++++ Available data

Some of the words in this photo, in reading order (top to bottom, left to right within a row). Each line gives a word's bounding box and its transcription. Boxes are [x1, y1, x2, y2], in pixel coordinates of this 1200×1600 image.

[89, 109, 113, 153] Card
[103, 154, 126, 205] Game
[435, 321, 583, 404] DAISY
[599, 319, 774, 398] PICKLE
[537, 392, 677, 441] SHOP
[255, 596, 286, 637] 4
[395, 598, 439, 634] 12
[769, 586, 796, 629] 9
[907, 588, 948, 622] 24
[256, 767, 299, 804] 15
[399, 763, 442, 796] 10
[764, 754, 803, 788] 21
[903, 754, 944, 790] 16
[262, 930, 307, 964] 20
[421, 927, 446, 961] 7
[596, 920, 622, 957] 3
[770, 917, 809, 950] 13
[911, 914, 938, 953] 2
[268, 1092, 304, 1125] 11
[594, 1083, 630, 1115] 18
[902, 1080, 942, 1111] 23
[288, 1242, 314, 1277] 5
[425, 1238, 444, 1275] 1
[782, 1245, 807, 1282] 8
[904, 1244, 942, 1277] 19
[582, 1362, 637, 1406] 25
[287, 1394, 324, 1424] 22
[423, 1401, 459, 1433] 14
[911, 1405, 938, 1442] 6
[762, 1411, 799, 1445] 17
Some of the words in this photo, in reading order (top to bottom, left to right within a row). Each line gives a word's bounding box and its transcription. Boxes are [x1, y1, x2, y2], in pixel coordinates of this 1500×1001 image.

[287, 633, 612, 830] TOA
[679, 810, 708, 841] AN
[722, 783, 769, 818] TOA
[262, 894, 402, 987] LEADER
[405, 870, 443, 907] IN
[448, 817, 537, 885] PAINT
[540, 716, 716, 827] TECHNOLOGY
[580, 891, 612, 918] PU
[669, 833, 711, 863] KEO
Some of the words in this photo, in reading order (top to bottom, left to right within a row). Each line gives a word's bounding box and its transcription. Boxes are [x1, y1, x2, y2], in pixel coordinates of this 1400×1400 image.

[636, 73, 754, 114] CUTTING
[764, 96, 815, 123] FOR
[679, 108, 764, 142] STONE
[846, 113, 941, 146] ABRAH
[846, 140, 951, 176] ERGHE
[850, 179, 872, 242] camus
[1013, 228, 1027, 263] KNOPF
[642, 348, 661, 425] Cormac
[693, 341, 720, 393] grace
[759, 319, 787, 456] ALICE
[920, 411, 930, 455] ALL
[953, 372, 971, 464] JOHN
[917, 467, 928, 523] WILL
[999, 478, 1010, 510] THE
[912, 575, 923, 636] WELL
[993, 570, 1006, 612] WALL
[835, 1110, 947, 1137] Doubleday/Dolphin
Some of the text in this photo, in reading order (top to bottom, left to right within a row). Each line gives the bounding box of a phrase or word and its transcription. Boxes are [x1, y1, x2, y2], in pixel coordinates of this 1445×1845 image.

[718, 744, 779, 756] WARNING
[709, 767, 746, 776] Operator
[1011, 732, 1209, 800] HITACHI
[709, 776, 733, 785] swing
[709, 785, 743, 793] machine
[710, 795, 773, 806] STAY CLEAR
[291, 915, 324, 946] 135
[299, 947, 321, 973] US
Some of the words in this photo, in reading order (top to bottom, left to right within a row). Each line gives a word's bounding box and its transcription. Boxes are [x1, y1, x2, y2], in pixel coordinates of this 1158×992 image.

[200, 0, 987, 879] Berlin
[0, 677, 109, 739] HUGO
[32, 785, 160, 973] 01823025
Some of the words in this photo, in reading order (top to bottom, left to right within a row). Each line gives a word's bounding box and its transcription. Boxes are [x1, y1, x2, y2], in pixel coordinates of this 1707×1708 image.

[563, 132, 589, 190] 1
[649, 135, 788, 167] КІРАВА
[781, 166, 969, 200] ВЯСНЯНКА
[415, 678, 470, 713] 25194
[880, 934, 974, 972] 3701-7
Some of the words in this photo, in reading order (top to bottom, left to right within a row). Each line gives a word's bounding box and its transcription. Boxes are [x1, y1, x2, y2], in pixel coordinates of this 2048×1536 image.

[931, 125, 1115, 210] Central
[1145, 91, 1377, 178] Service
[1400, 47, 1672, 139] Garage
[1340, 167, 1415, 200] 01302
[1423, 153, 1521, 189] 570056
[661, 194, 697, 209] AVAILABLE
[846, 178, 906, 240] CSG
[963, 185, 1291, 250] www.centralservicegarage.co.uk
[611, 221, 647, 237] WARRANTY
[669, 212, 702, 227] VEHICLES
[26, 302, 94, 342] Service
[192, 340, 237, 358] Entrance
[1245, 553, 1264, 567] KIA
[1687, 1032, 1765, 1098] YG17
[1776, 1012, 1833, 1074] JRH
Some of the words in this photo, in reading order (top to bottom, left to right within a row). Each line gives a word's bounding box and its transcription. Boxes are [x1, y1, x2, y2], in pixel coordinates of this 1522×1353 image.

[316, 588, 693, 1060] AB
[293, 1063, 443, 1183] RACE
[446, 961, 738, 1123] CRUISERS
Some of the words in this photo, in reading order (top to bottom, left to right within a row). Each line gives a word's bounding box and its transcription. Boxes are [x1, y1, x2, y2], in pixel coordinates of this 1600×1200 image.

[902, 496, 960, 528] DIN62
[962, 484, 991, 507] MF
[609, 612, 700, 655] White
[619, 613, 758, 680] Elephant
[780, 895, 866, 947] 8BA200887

++++++++

Exercise details> Could you retype each record exactly as it appears?

Problem solution>
Some of the words in this photo, in reading order (top to bottom, left to right within a row). Each line gives a word's bounding box and its transcription. Boxes are [x1, y1, x2, y2], in pixel coordinates of this 1200×1600 image.

[89, 109, 113, 153] Card
[103, 154, 126, 205] Game
[435, 321, 583, 404] DAISY
[599, 319, 774, 398] PICKLE
[537, 392, 677, 441] SHOP
[255, 596, 286, 637] 4
[395, 598, 439, 634] 12
[769, 586, 796, 629] 9
[907, 588, 948, 622] 24
[256, 767, 299, 804] 15
[399, 763, 442, 796] 10
[764, 754, 803, 788] 21
[903, 754, 944, 790] 16
[262, 930, 307, 964] 20
[421, 927, 446, 961] 7
[596, 920, 622, 957] 3
[770, 917, 809, 950] 13
[911, 914, 938, 953] 2
[268, 1092, 304, 1125] 11
[594, 1083, 630, 1115] 18
[902, 1080, 942, 1111] 23
[288, 1242, 314, 1277] 5
[425, 1238, 444, 1275] 1
[782, 1245, 807, 1282] 8
[904, 1244, 942, 1277] 19
[582, 1362, 637, 1406] 25
[287, 1394, 324, 1424] 22
[423, 1401, 459, 1433] 14
[911, 1405, 938, 1442] 6
[762, 1411, 799, 1445] 17
Some of the words in this photo, in reading order (top to bottom, left to right within a row). Each line gives a word's bounding box and its transcription. Boxes are [x1, y1, x2, y2], in pixel coordinates of this 1500×1001 image.

[287, 633, 612, 830] TOA
[679, 810, 708, 841] AN
[722, 783, 769, 818] TOA
[262, 894, 402, 987] LEADER
[405, 870, 443, 907] IN
[448, 817, 537, 885] PAINT
[540, 716, 716, 827] TECHNOLOGY
[580, 891, 612, 918] PU
[669, 833, 711, 863] KEO
Some of the words in this photo, in reading order (top to bottom, left to right within a row). Each line gives a word's bounding box and its transcription. Boxes are [x1, y1, x2, y2], in pixel coordinates of this 1400×1400 image.

[636, 73, 754, 114] CUTTING
[764, 96, 815, 123] FOR
[679, 108, 764, 142] STONE
[846, 113, 941, 146] ABRAH
[846, 140, 951, 176] ERGHE
[850, 179, 872, 242] camus
[1013, 228, 1027, 263] KNOPF
[642, 348, 661, 425] Cormac
[693, 341, 720, 393] grace
[759, 319, 787, 456] ALICE
[920, 411, 930, 455] ALL
[953, 372, 971, 464] JOHN
[917, 467, 928, 523] WILL
[999, 478, 1010, 510] THE
[912, 575, 923, 636] WELL
[993, 570, 1006, 612] WALL
[835, 1110, 947, 1137] Doubleday/Dolphin
Some of the text in this photo, in reading order (top to bottom, left to right within a row). Each line gives the bounding box of a phrase or word and its transcription. Boxes are [x1, y1, x2, y2], in pixel coordinates of this 1445×1845 image.

[718, 744, 779, 756] WARNING
[709, 767, 746, 776] Operator
[1011, 732, 1209, 800] HITACHI
[709, 776, 733, 785] swing
[709, 785, 743, 793] machine
[710, 795, 773, 806] STAY CLEAR
[291, 915, 324, 946] 135
[299, 947, 321, 973] US
Some of the words in this photo, in reading order (top to bottom, left to right within a row). Each line gives a word's bounding box and its transcription. Boxes are [x1, y1, x2, y2], in pixel coordinates of this 1158×992 image.

[200, 0, 987, 879] Berlin
[0, 677, 109, 739] HUGO
[32, 785, 160, 973] 01823025
Some of the words in this photo, in reading order (top to bottom, left to right within a row). Each line gives a word's bounding box and its transcription. Boxes are [x1, y1, x2, y2], in pixel coordinates of this 1707×1708 image.

[563, 132, 589, 190] 1
[649, 135, 788, 167] КІРАВА
[781, 166, 969, 200] ВЯСНЯНКА
[415, 678, 470, 713] 25194
[880, 934, 974, 972] 3701-7
Some of the words in this photo, in reading order (top to bottom, left to right within a row). Each line gives a word's bounding box and its transcription. Boxes are [x1, y1, x2, y2], in pixel coordinates of this 2048×1536 image.

[931, 125, 1115, 210] Central
[1145, 91, 1377, 178] Service
[1400, 47, 1672, 139] Garage
[1340, 167, 1415, 200] 01302
[1423, 153, 1521, 189] 570056
[661, 194, 697, 209] AVAILABLE
[846, 178, 906, 240] CSG
[963, 185, 1291, 250] www.centralservicegarage.co.uk
[611, 221, 647, 237] WARRANTY
[669, 212, 702, 227] VEHICLES
[26, 302, 94, 342] Service
[192, 340, 237, 358] Entrance
[1245, 553, 1264, 567] KIA
[1687, 1032, 1765, 1098] YG17
[1776, 1012, 1833, 1074] JRH
Some of the words in this photo, in reading order (top to bottom, left to right within a row). Each line gives a word's bounding box and its transcription. Boxes are [x1, y1, x2, y2], in pixel coordinates of this 1522×1353 image.

[316, 588, 693, 1060] AB
[293, 1063, 443, 1183] RACE
[446, 961, 738, 1123] CRUISERS
Some of the words in this photo, in reading order (top to bottom, left to right within a row). Each line gives a word's bounding box and its transcription. Boxes are [x1, y1, x2, y2], in pixel coordinates of this 1600×1200 image.

[902, 496, 960, 528] DIN62
[962, 484, 991, 507] MF
[609, 612, 700, 655] White
[619, 613, 758, 680] Elephant
[780, 895, 866, 947] 8BA200887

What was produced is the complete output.